What you are asked to do |
The output should hold exactly, and only, the lines from the line bearing "this 1400×1050 image." through the last line of the listing below, and no pictures.
Records for this exercise section start
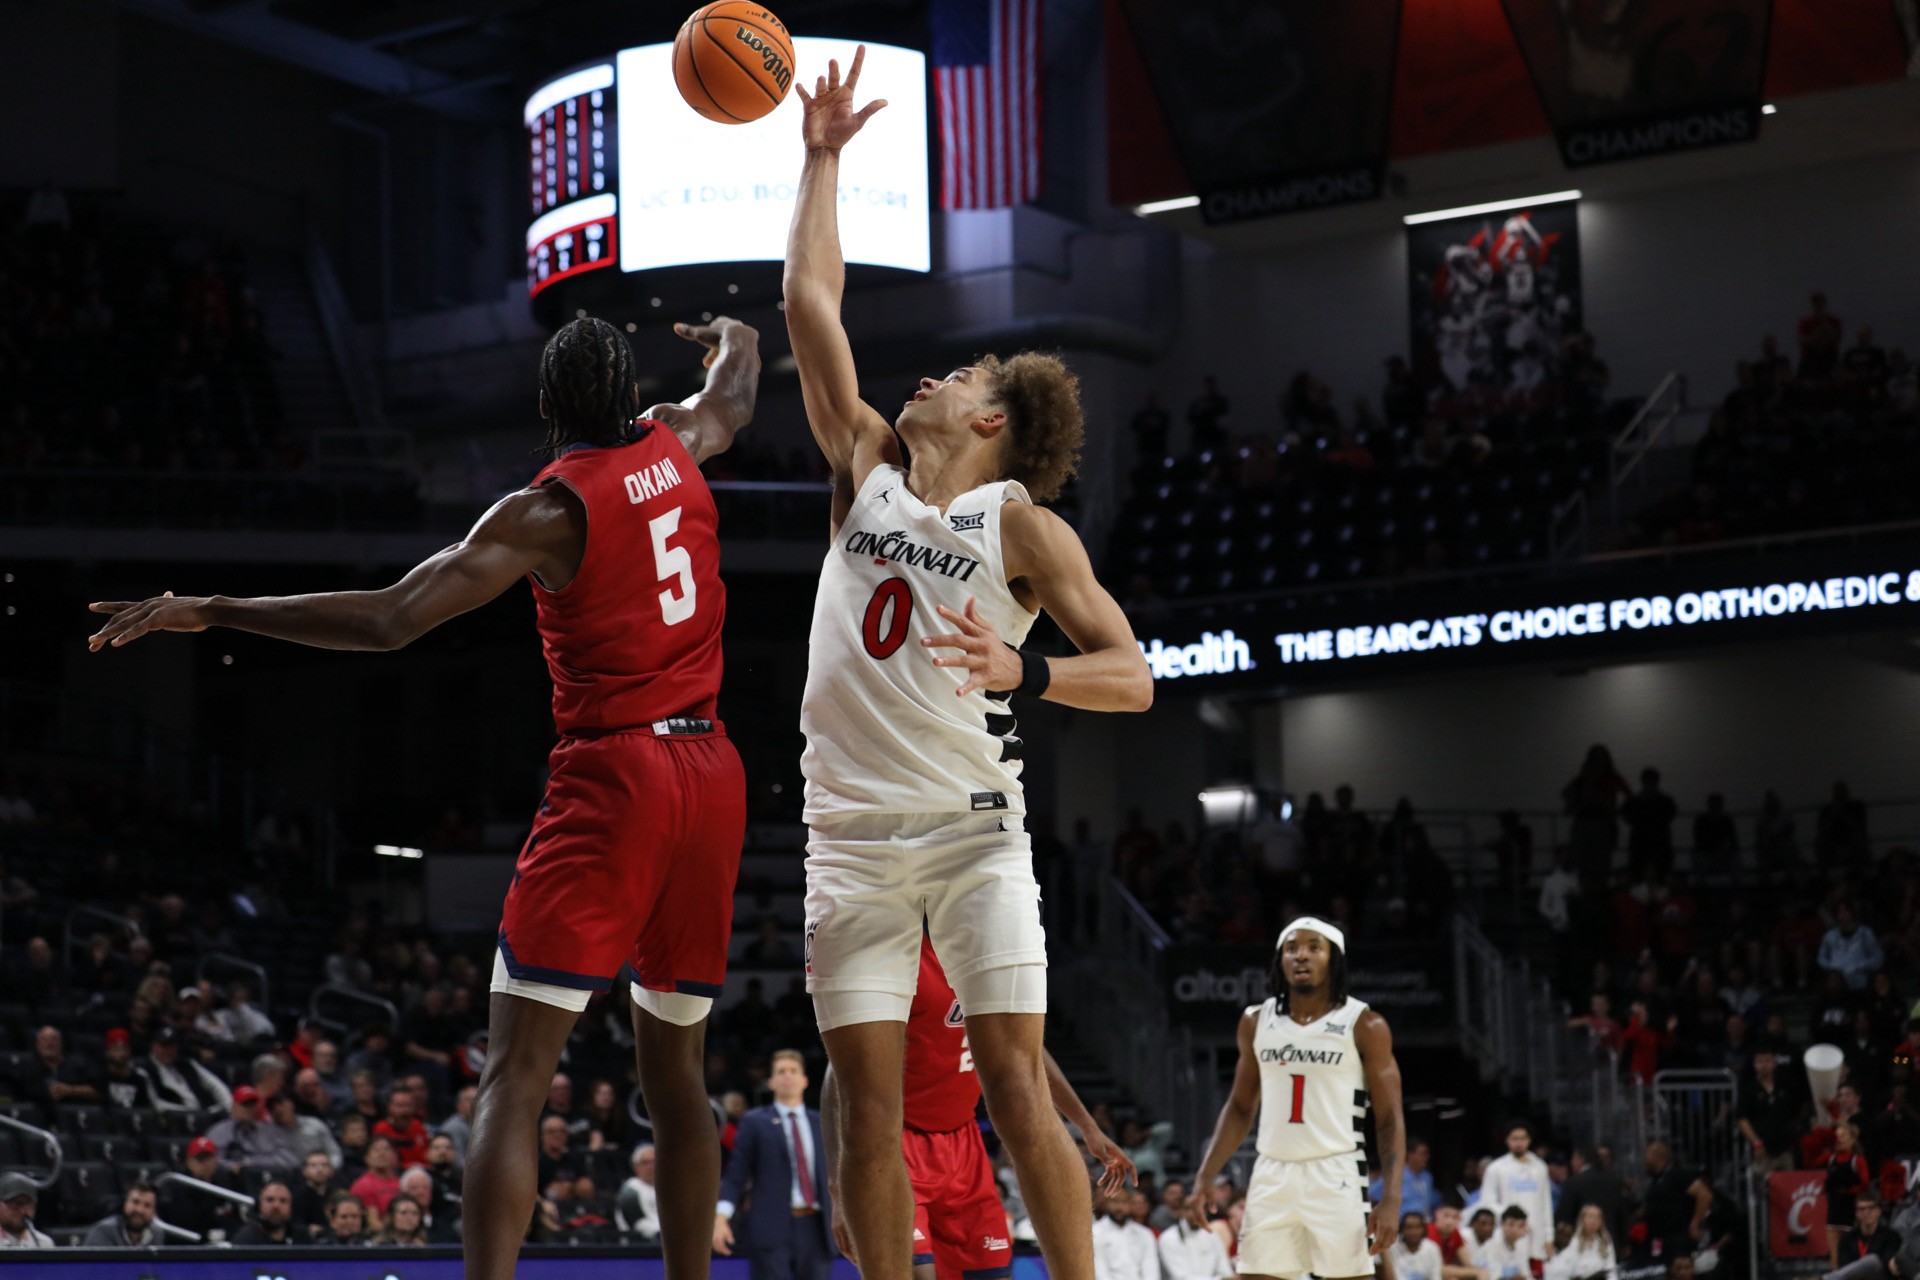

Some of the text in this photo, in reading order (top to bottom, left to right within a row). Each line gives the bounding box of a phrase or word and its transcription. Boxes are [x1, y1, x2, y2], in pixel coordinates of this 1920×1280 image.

[736, 26, 792, 94] Wilson
[1567, 108, 1750, 161] CHAMPIONS
[1206, 168, 1375, 219] CHAMPIONS
[623, 457, 683, 505] OKANI
[648, 505, 697, 627] 5
[845, 530, 980, 582] CINCINNATI
[861, 576, 914, 661] 0
[1274, 630, 1334, 664] THE
[1489, 601, 1607, 643] CHOICE
[1609, 595, 1674, 631] FOR
[1674, 571, 1901, 624] ORTHOPAEDIC
[1260, 1046, 1344, 1065] CINCINNATI
[1288, 1073, 1306, 1124] 1
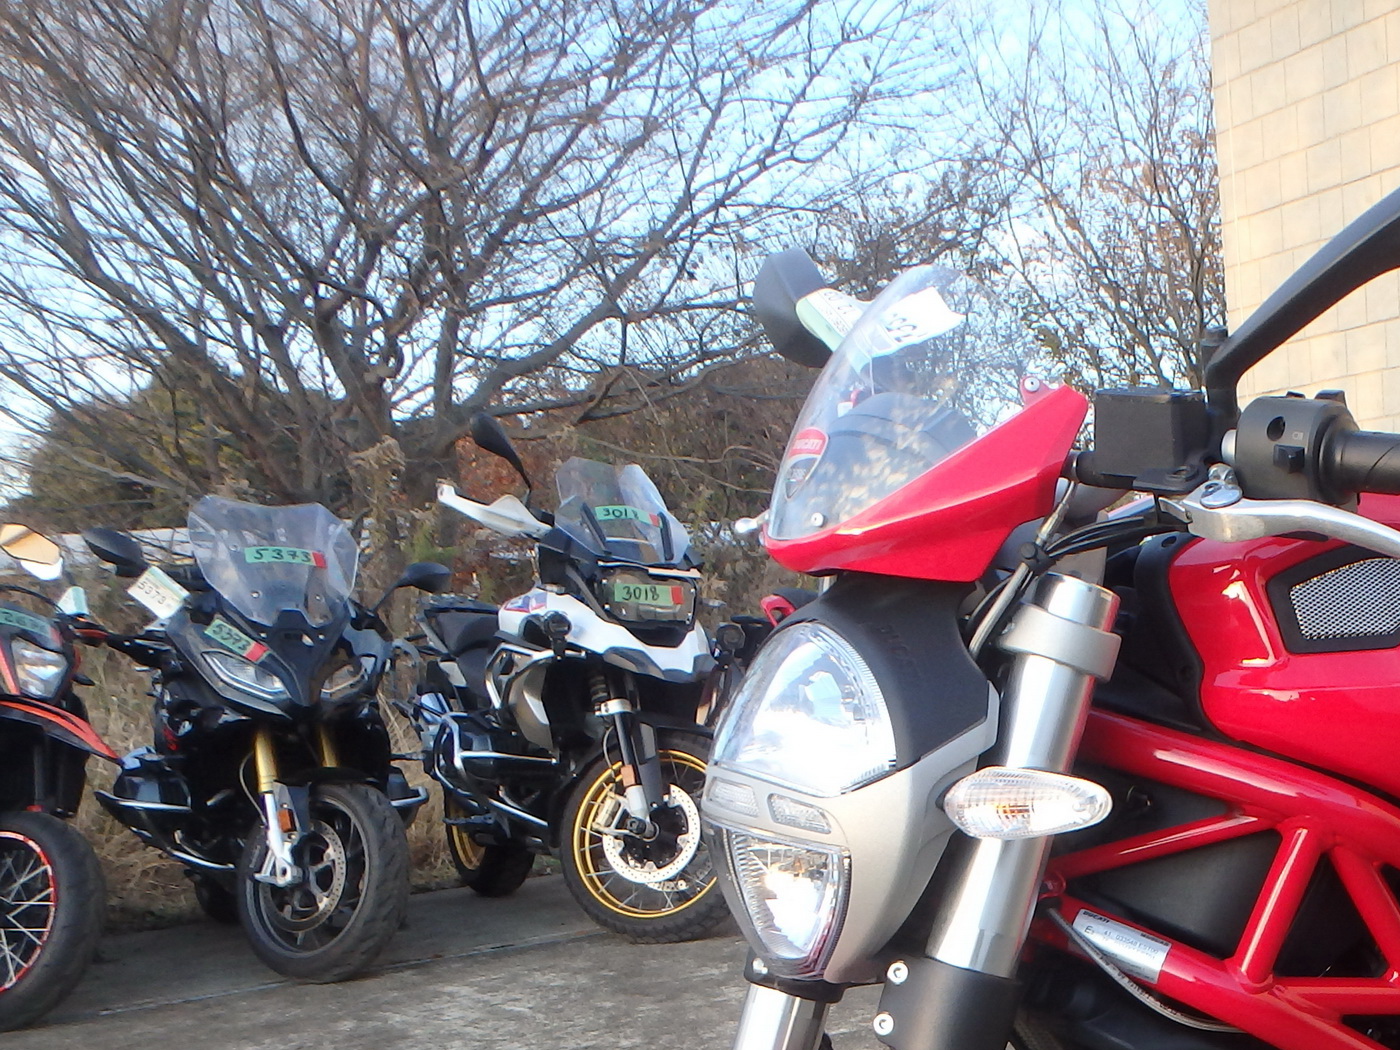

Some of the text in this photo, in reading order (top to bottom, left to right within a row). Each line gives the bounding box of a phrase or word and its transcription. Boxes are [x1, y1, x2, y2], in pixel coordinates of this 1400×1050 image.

[253, 549, 312, 563] 5373
[137, 580, 167, 605] 5373
[621, 585, 660, 601] 3018
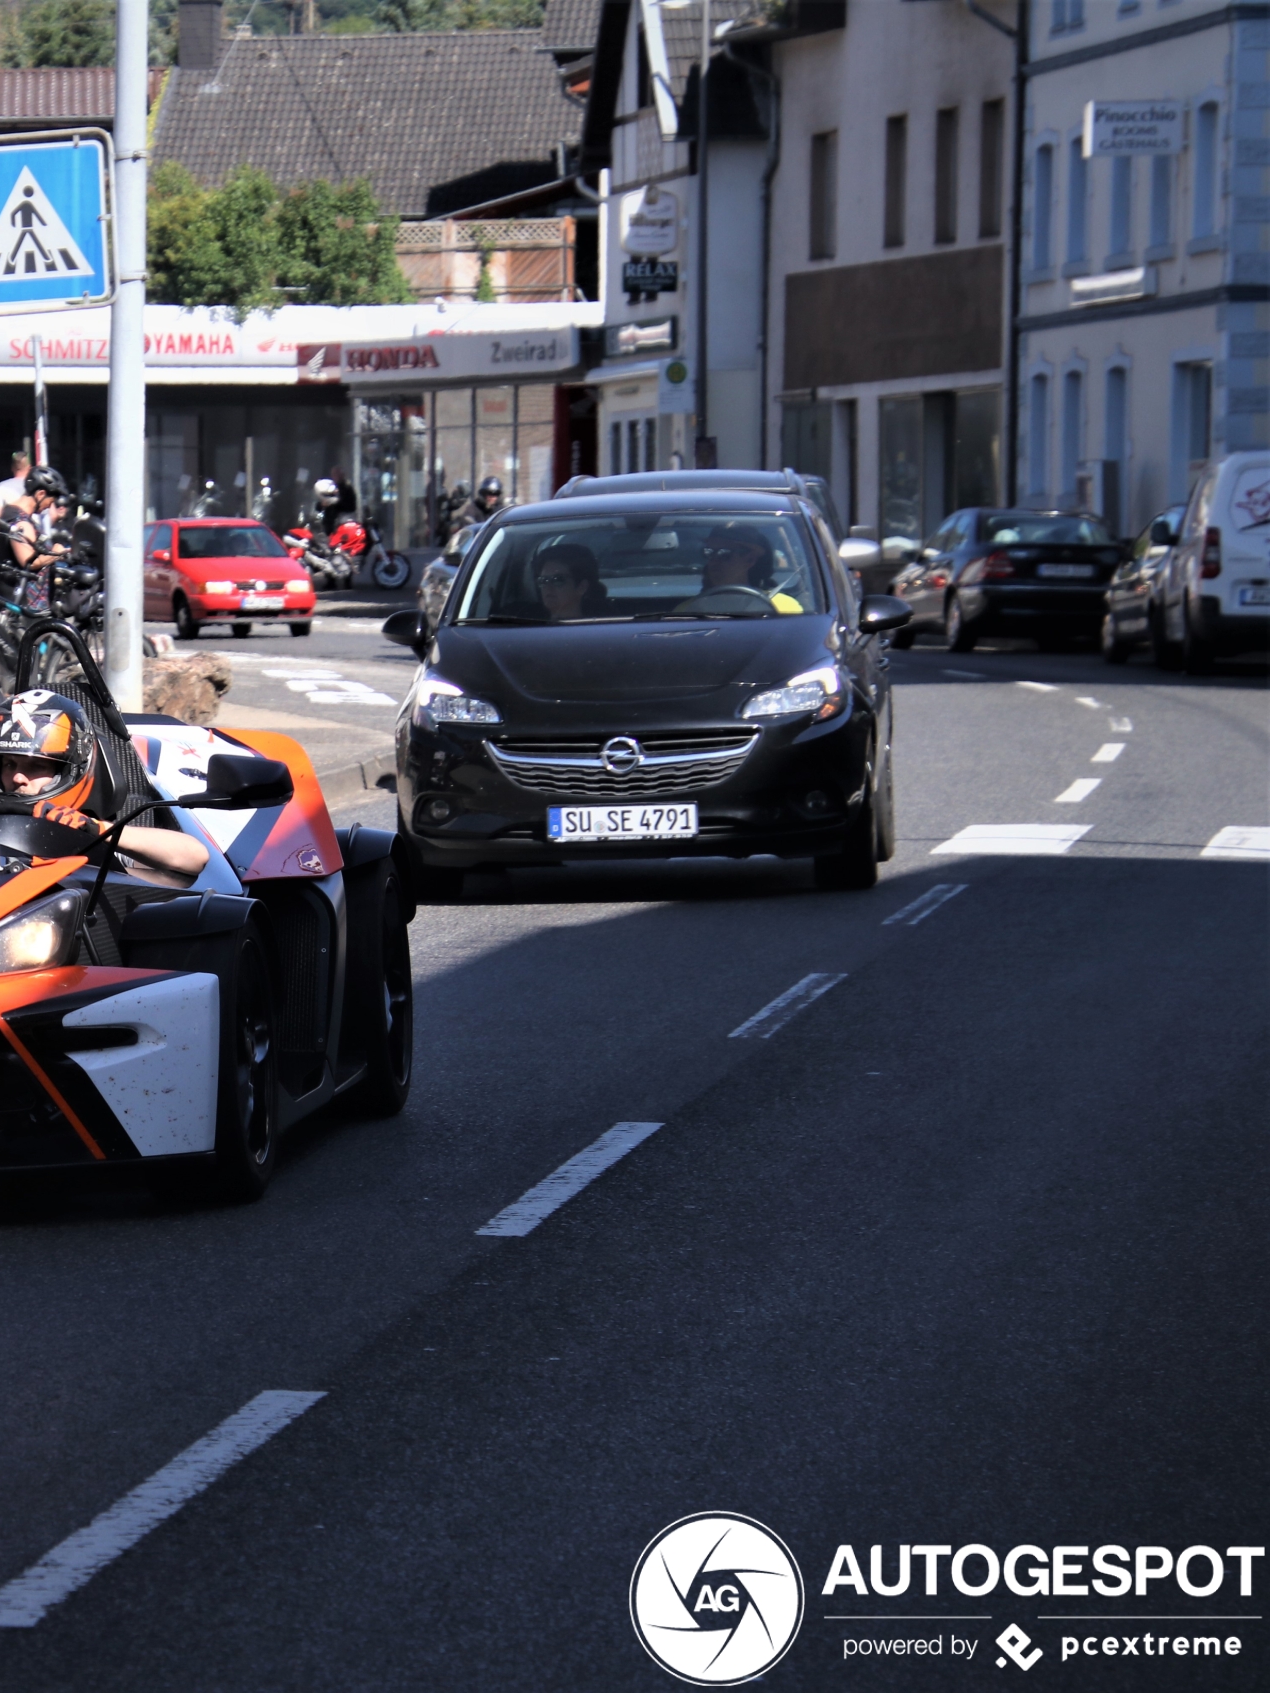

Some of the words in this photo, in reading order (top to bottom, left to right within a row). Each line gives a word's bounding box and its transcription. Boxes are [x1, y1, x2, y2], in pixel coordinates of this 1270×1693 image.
Records for this exercise section end
Task answer |
Some of the text in this photo, in reading order (top to bottom, left to right within a row). Each line gives the bounding box of a phrase or word and its transcription. Boxes are [x1, y1, x2, y2], in pixel coordinates of this 1400×1050 image.

[253, 549, 312, 563] 5373
[137, 580, 167, 605] 5373
[621, 585, 660, 601] 3018

Some of the words in this photo, in reading order (top to bottom, left to right within a row). Each line gives a word's bounding box and its transcription. Boxes are [x1, y1, x2, y2], in pixel coordinates of this 1270×1693 image.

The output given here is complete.